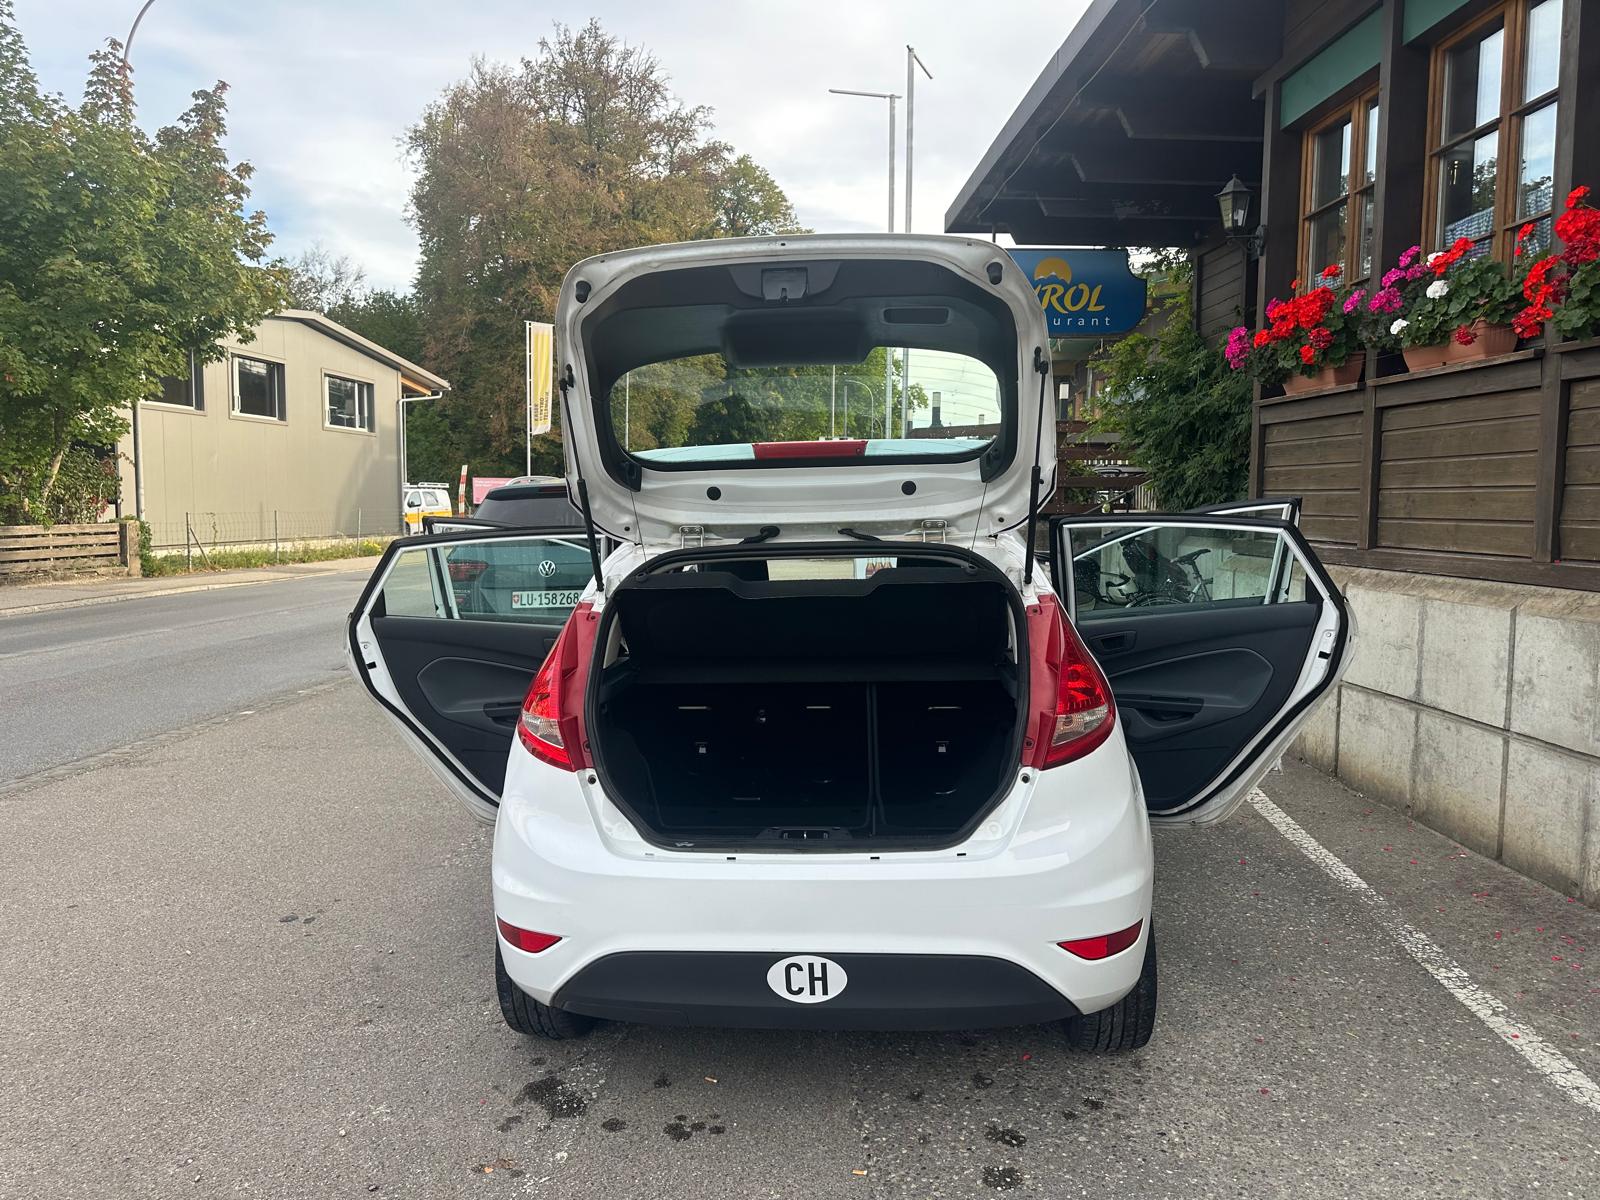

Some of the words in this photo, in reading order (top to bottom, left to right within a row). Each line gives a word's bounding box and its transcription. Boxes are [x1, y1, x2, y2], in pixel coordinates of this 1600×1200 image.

[1034, 283, 1106, 314] ROL
[1053, 316, 1111, 326] urant
[784, 962, 829, 996] CH
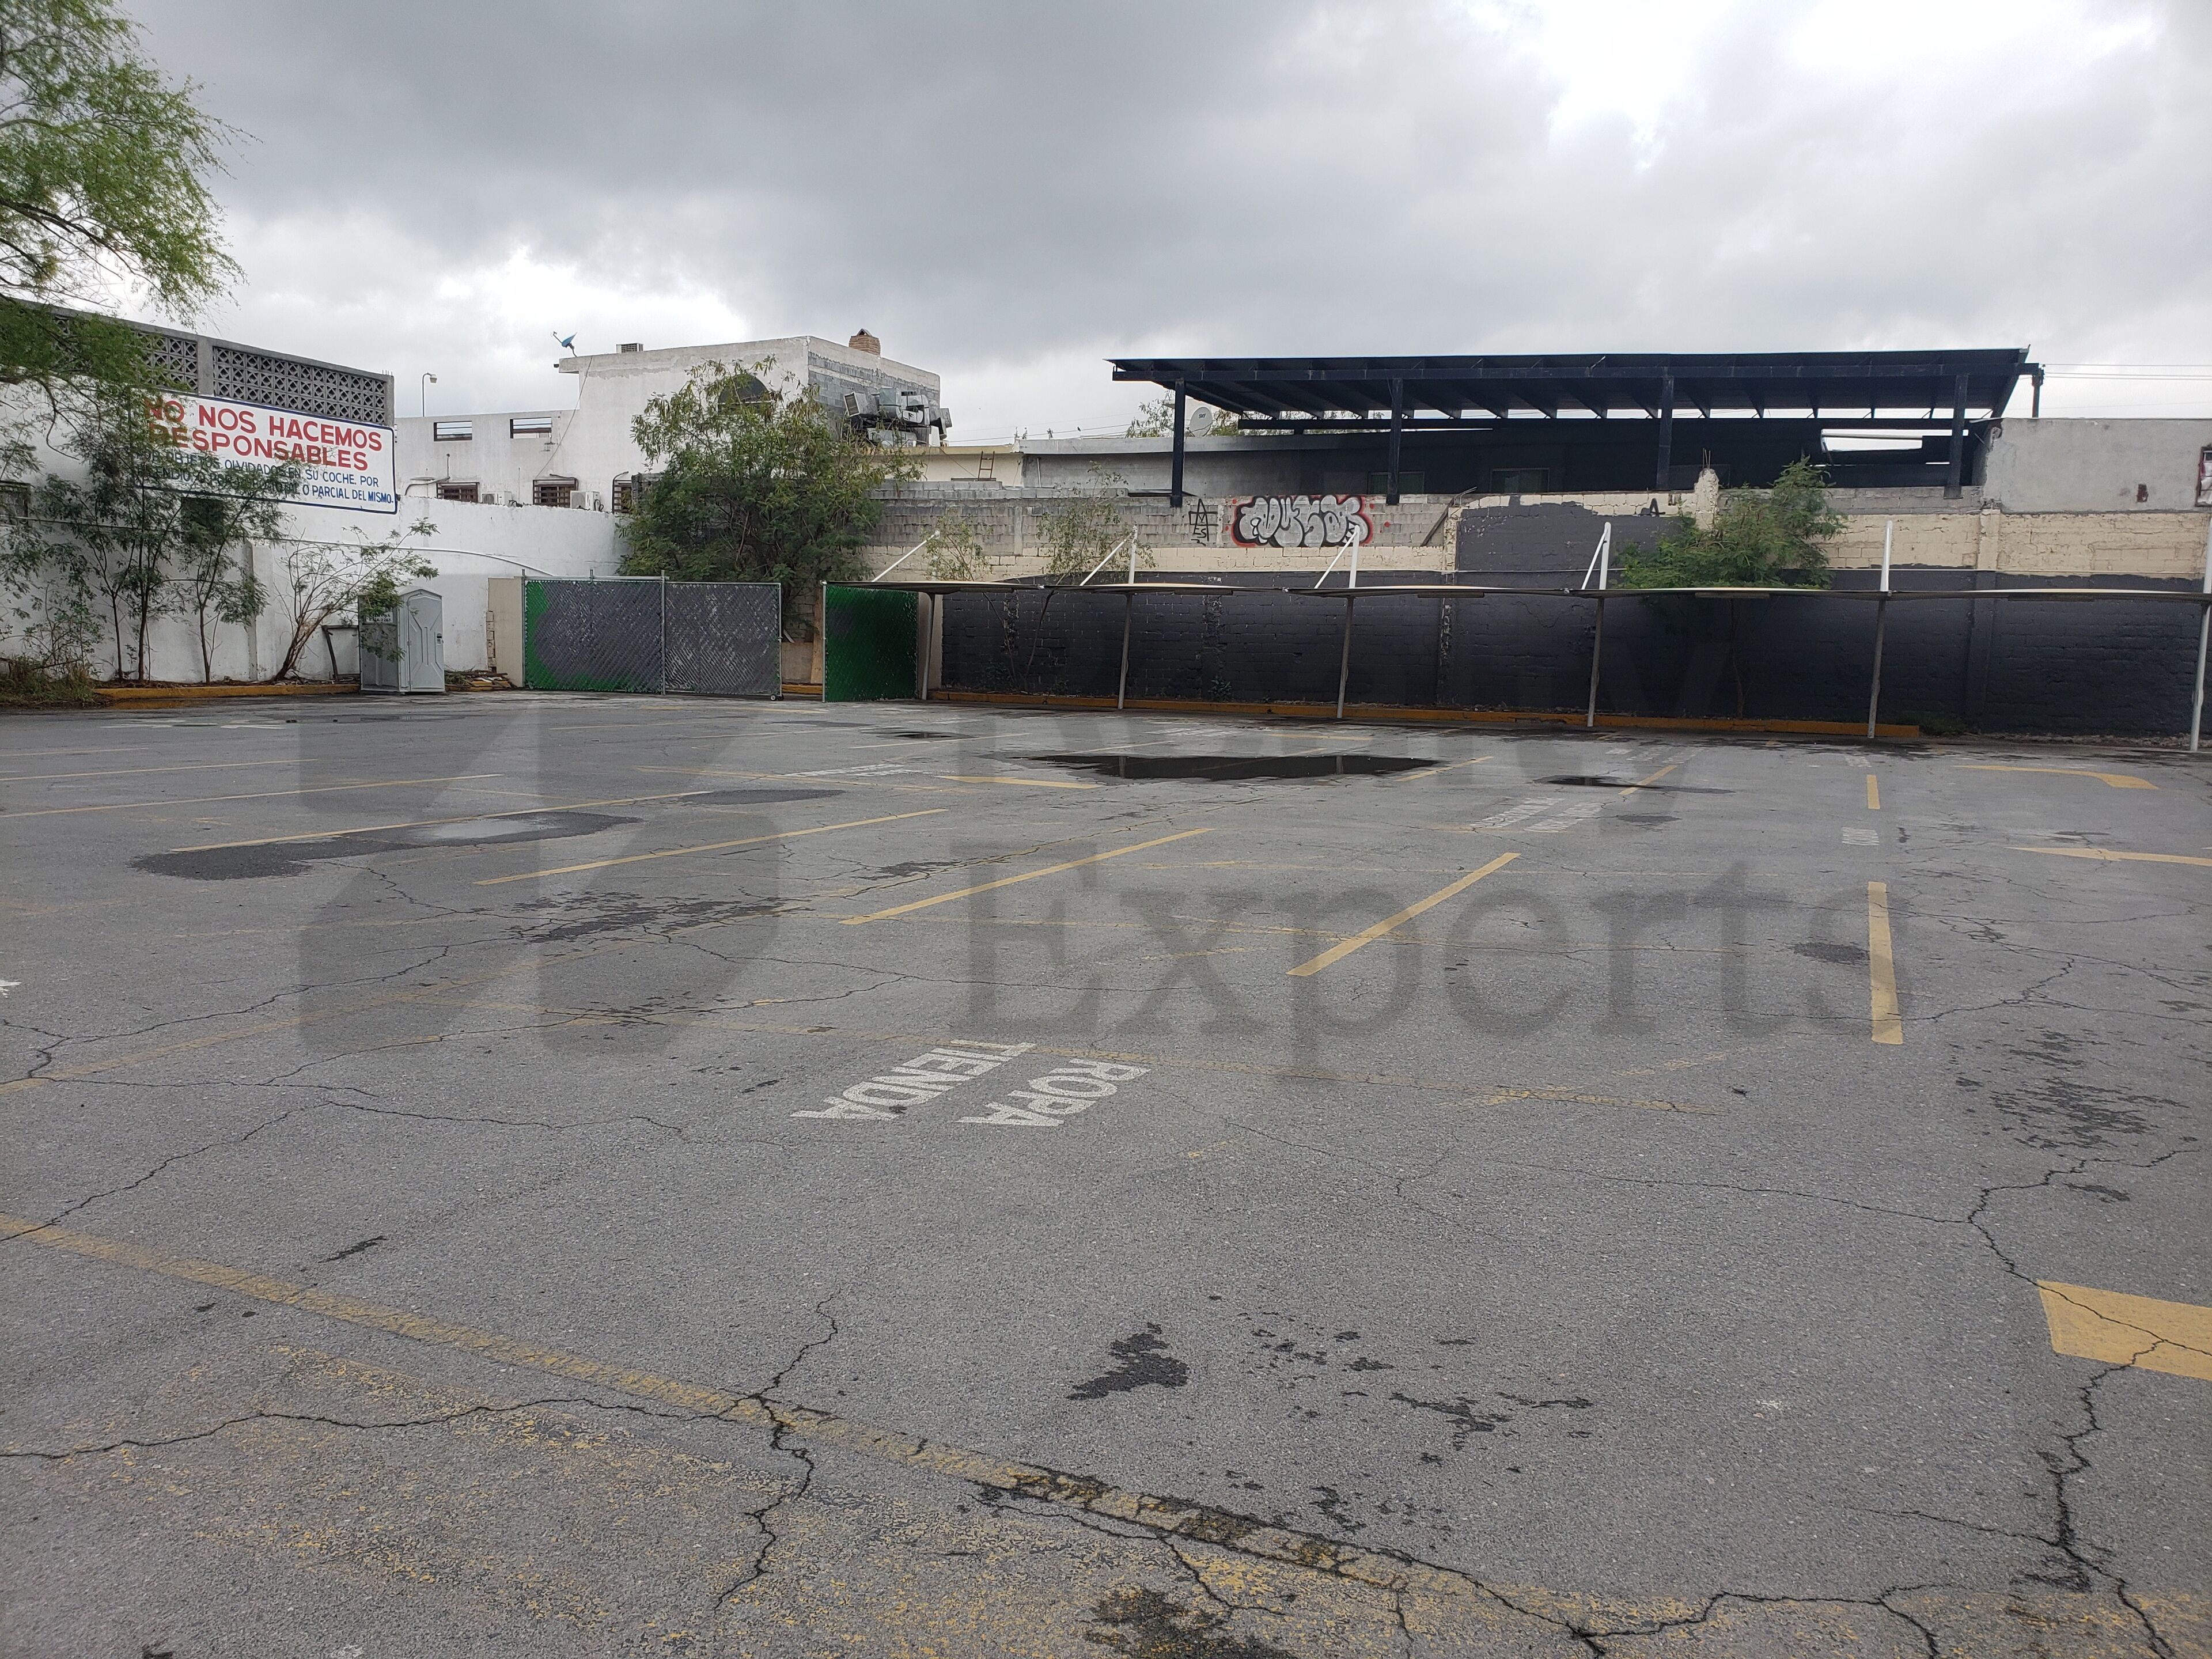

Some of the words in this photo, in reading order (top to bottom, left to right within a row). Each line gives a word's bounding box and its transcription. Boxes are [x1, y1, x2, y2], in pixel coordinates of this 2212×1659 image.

[143, 396, 184, 422] NO
[199, 405, 256, 433] NOS
[269, 416, 382, 451] HACEMOS
[149, 423, 368, 471] RESPONSABLES
[302, 484, 309, 495] O
[312, 485, 350, 499] PARCIAL
[352, 490, 366, 501] DEL
[368, 491, 393, 503] MISMO.
[306, 469, 318, 480] SU
[323, 472, 357, 484] COCHE.
[361, 476, 378, 487] POR
[790, 1040, 1036, 1121] TIENDA
[955, 1058, 1152, 1126] ROPA
=-=-=-=-=
TASK BRIEF
Copy out all of the material exactly as written, without its pictures.

RESPONSE TO THE EXERCISE
Some of the words in this photo, in reading order (top to bottom, left to right within a row). Each line gives a word's bounding box and its transcription. Boxes are [x1, y1, x2, y2], in pixel coordinates of this 1600×1200 image.

[1034, 283, 1106, 314] ROL
[1053, 316, 1111, 326] urant
[784, 962, 829, 996] CH

Some of the words in this photo, in reading order (top to bottom, left to right within a row). Each line gives a word's bounding box and its transcription. Boxes are [x1, y1, x2, y2], in pixel coordinates of this 2212×1659 image.

[143, 396, 184, 422] NO
[199, 405, 256, 433] NOS
[269, 416, 382, 451] HACEMOS
[149, 423, 368, 471] RESPONSABLES
[302, 484, 309, 495] O
[312, 485, 350, 499] PARCIAL
[352, 490, 366, 501] DEL
[368, 491, 393, 503] MISMO.
[306, 469, 318, 480] SU
[323, 472, 357, 484] COCHE.
[361, 476, 378, 487] POR
[790, 1040, 1036, 1121] TIENDA
[955, 1058, 1152, 1126] ROPA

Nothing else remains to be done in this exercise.